Кусок сахара баба всё-таки не доложила. «Горбатого могила исправит», — подумала тогда Надя с полнейшим равнодушием ко всему окружающему. Она давно пребывала в апатии и если бы научилась не обращать внимания на чувство голода и холода, то с удовольствием свернулась бы калачиком в кресле и больше не встала. Лежала бы, вспоминая каждую секунду той далёкой и счастливой жизни, что погибла вместе с Российской империей. Впрочем, чаще всего память возвращалась в осень семнадцатого, когда она с замиранием сердца ждала, что революция вдохнёт в страну свежие силы и вот-вот наступит расцвет демократии, прогресса и либерализма. Мысленно рисовались пасторальные картины счастливых лиц на улицах города и чистенькие бонны с детьми. Всеобщее благоденствие представлялось в виде взаимных поклонов с дворником, но никак не в виде его вселения в лучшие апартаменты к профессору Слепакову.
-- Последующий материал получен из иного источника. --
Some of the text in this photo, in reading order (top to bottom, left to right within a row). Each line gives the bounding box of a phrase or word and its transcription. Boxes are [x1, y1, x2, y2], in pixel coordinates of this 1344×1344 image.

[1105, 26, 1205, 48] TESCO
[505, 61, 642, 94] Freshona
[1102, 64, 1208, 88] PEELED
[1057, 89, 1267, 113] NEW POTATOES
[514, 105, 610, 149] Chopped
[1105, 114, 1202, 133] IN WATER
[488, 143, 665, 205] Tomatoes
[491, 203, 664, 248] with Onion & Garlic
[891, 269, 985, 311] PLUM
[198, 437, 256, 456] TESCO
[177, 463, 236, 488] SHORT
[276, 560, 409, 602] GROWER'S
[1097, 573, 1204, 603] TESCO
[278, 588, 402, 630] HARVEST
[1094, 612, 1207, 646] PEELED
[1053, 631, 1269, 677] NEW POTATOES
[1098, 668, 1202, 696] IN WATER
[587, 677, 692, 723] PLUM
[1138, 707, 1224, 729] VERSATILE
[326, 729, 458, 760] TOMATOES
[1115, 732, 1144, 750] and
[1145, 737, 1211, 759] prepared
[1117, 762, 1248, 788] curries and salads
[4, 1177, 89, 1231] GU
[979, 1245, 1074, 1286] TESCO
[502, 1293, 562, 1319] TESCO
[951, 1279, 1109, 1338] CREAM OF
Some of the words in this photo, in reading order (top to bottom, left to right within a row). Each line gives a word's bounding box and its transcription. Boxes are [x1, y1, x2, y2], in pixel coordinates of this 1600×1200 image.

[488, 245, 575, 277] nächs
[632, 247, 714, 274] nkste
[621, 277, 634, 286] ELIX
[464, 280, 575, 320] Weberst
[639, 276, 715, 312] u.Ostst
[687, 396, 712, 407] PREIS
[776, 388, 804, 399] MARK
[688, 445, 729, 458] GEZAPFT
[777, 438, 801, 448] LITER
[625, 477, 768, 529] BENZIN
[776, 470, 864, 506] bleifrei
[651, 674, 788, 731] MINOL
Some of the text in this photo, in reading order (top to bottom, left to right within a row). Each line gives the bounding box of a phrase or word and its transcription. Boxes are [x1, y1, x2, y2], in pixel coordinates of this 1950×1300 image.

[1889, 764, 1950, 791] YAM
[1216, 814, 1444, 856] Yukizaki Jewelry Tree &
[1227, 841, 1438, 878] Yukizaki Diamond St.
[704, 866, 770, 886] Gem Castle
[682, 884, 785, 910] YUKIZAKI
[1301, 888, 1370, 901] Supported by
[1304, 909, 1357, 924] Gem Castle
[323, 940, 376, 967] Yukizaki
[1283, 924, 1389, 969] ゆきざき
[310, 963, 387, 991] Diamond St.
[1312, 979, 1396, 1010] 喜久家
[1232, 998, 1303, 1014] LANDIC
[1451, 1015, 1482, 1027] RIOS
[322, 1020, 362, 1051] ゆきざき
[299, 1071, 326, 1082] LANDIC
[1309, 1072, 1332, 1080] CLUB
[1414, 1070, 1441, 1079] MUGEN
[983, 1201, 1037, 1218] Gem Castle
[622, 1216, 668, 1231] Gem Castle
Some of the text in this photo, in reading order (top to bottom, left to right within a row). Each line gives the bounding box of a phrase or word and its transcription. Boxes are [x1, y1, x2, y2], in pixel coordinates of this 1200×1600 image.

Её муж придерживался резко противоположных взглядов на русскую смуту. Вскоре после переворота он сел напротив неё и тяжело произнёс:
— Надюша, пока есть возможность отъезда, нам необходимо выбраться за границу.
— Куда, Серёжа? Зачем? Здесь наша Родина. Я не понимаю, о чём ты говоришь.
— Надя, послушай, не будь наивной. — Муж взял её руки в свои и прижал к сердцу. — Все эти люди, — он кивнул в сторону окна, за которым бушевала демонстрация, — они хотят не свободы, не равенства и не братства. Они хотят нашу квартиру, твою шубку, наши накопления в банке, в конце концов, то крохотное именьице под Выборгом, где мы мечтали развести сад, огород и построить учебную сыроварню. О каком равенстве ты говоришь? В мире нет и никогда не будет равенства. — Он нервно дёрнул уголком рта. — Не упрямься, собирай вещи и прощайся с родными. Нынче не до сантиментов, мы должны бежать и немедленно.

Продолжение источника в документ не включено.